By PAUL SIMS
MABEN — Oktibbeha County School officials are finding specific ways to control utility costs, ranging from staggering thermostat times and converting control boxes to plastic.
Charles Tillery, transportation and maintenance director for the school district, spoke of some of these methods when he provided a report to the Oktibbeha County School District Board Monday. He was one of several administrators who offered updates on the state of various aspects of the district at the board’s meeting at West Oktibbeha County High School in Maben.
Tillery says school officials have changed classroom thermostat settings so instead of all coming on at a set time, some activate at 5 a.m. and others 6 a.m. “so that it won’t be that great a demand and therefore the price of utilities won’t be that great.”
Also, school officials have been converting thermostat control covers from metal to plastic because the metal panels hold heat in the winter and cool in the summer and impact thermostat readings, he said.
Candace Cooper, director of special services, says the county district has 12 full-time special education teachers, three full-time special teaching assistants, a part-time secretary and a full-time case manager. Two speech therapists and two gifted teachers, both for each side of the county serve the district.

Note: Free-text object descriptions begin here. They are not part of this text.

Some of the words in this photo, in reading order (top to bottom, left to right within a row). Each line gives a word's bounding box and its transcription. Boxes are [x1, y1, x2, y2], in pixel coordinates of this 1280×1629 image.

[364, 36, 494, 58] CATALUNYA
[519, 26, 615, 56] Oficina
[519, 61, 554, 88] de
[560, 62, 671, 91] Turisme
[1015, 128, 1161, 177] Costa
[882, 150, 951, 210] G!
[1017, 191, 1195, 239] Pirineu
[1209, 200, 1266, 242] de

“We’re doing a great job of providing individualized services” to special education students, she said, adding percentages are down and attributing this to general education “doing a better job on the front end of meeting individual student needs in the regular classroom.
In other matters, the board:
u Discussed but did not act on the possibility of purchasing four buses. Superintendent James Covington recommended buying one new bus for each campus. “As our fleet ages, we’re going to have to come up with creative ways to purchase buses,” he said.
u Named M&F Bank its fund depository.